Saskatchewan. sewage data shows growing strain of BA.5 variant, except in Prince Albert

University of Saskatchewan researchers using sewage to determine the extent of COVID-19 in the community have found that the BA.5 subvariant of Omicron is becoming more prominent, but not quite the dominant strain of the virus in the province.

The latest report released by the research team on Sunday states that the total viral load remains “relatively low, indicating a fairly consistent level of infections across all three cities”, i.e. Saskatoon, North Battleford and Prince Albert.

A graph representing the absolute viral load of COVID-19 found in wastewater through the end of the reporting period on July 27, 2022. (John Giesy)

John Giesy, the project’s principal investigator, says the take-home message is that everything is down. He also said that Delta is no longer found in wastewater and has been replaced by Omicron.
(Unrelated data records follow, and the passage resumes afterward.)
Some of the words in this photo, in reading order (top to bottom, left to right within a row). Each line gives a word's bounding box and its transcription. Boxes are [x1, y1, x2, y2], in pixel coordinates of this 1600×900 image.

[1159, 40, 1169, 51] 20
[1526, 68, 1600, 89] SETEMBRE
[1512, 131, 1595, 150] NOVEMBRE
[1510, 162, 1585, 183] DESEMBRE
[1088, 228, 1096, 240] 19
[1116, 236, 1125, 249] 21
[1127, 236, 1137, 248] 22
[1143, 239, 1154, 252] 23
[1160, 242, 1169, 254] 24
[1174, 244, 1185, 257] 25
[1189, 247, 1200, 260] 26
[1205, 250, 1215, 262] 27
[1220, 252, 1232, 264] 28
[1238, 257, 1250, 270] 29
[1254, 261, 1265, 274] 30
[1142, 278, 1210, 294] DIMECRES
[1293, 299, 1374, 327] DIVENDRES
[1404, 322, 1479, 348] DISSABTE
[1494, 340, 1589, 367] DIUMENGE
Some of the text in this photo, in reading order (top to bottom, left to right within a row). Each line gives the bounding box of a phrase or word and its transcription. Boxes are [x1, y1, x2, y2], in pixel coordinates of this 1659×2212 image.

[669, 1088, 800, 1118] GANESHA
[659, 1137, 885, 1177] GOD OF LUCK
Of the three cities, Prince Albert is the only city where the BA.5 subvariant does not become more pronounced in the COVID-19 landscape.

This most recent report found the subvariant accounted for 45.9% of known infections in Saskatoon and 48.1% in North Battleford.

In Prince Albert, this most recent study found no viral load with the BA.5 subvariant, compared to the previous report which found it accounted for about a fifth (19.4%) of infections.

Giesy said he ‘had no idea’ why there was a noticeable absence of the strain, but said the virus tended to have a delayed effect on the city, after a few weeks later than Saskatoon.

That doesn’t mean there aren’t BA.5s in Prince Albert, just that there are so few that it doesn’t count in their research, Giesy said.

Instead, BA.2 and its subvariants – with BA.2.12.1 being the most prominent – ​​have a strong footing when it comes to COVID-19 infection in the city.

The most recent data from Prince Albert revealed that BA.2 and its subvariants make up all of the viral load found in sewage, despite increases in BA.5 in other cities where sewage is tested. (John Giesy)

COVID-19 viral load below average

Despite a spike in viral load in North Battleford, a 214.7% increase from last week, and a slight increase in Saskatoon, researchers say all three cities remain below the average load measured since January 2022.

“The main thing is that they’re all pretty low,” Giesy said.

“As we approach our limit of detection and there aren’t many infected individuals, things bounce back a bit.”

The University of Regina, which logs Regina’s wastewater data, said in a social media post that its results would be shared on Tuesday.